Task to complete —
Could you transcribe each entry below exactly, minus the images?

(Text-to-region grounding data)
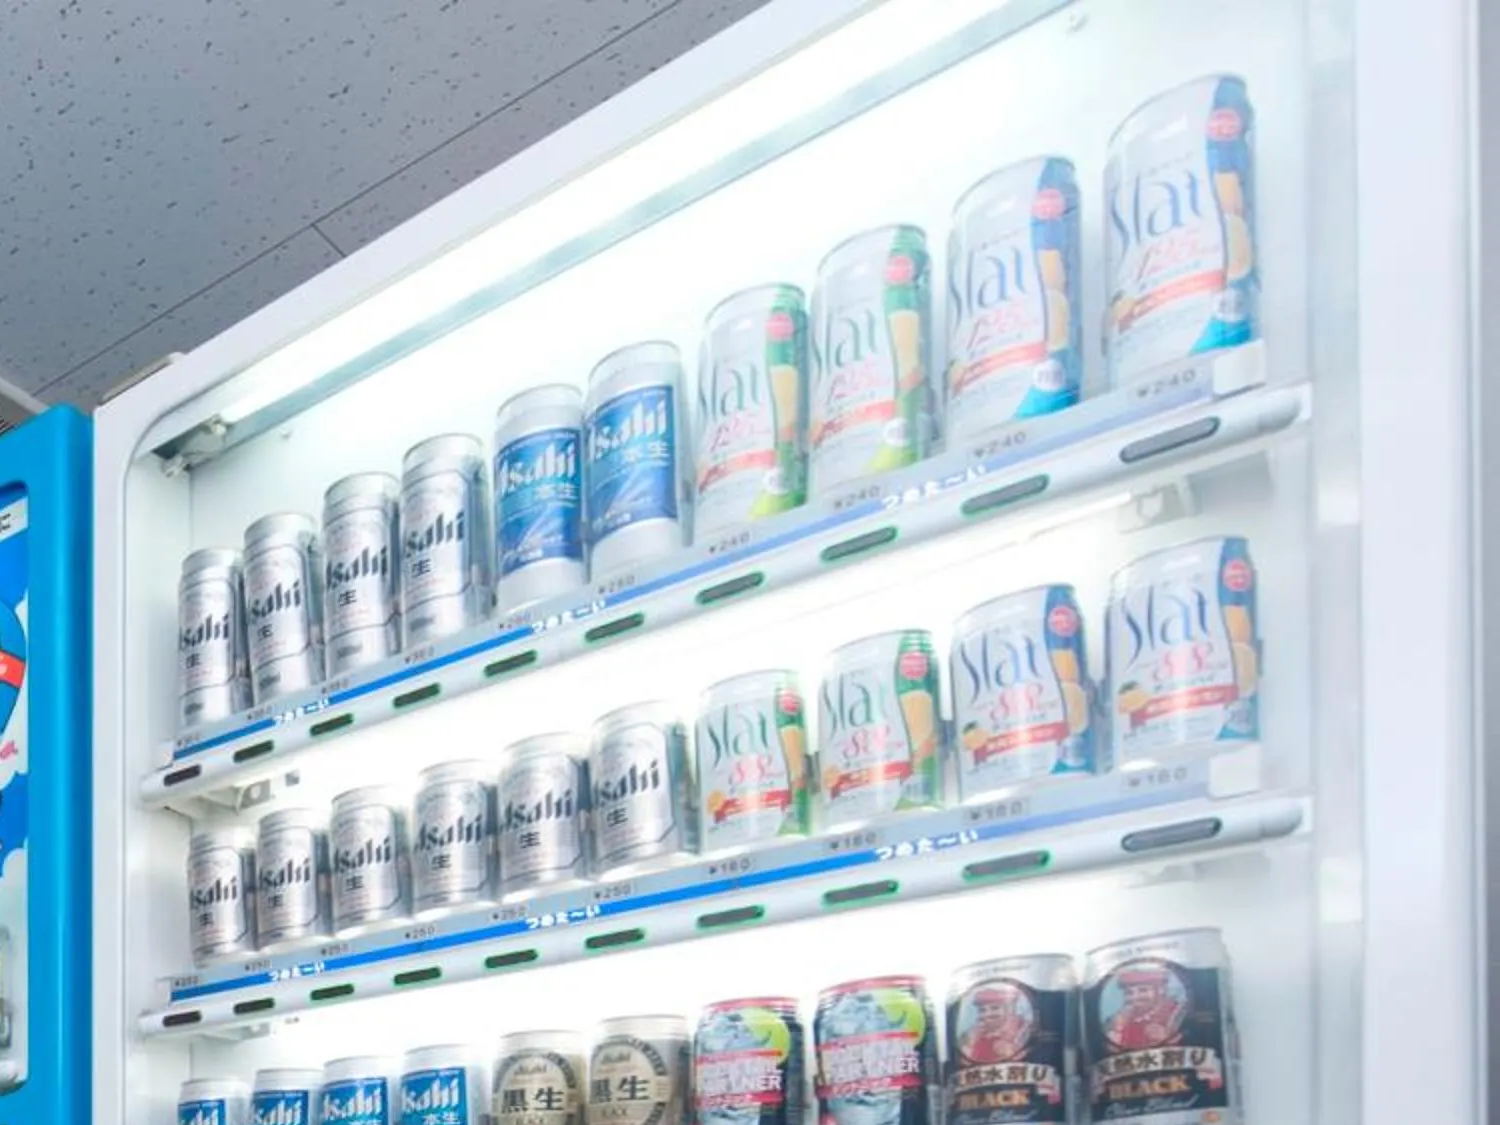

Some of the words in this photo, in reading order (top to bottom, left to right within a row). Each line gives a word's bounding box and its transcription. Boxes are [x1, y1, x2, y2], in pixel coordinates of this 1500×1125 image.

[406, 511, 465, 558] sahi
[251, 581, 301, 618] sahi
[182, 613, 229, 647] sahi
[259, 857, 311, 891] sahi
[191, 875, 238, 909] sahi
[590, 1075, 650, 1105] 黒生
[957, 1064, 1048, 1087] 然水割り
[502, 1086, 565, 1114] 黒生

Answer space —
Some of the words in this photo, in reading order (top to bottom, left to right within a row). Each line gives a word's bounding box and its transcription. Boxes are [x1, y1, x2, y2], in pixel coordinates of this 1500×1125 image.

[406, 511, 465, 558] sahi
[251, 581, 301, 618] sahi
[182, 613, 229, 647] sahi
[259, 857, 311, 891] sahi
[191, 875, 238, 909] sahi
[590, 1075, 650, 1105] 黒生
[957, 1064, 1048, 1087] 然水割り
[502, 1086, 565, 1114] 黒生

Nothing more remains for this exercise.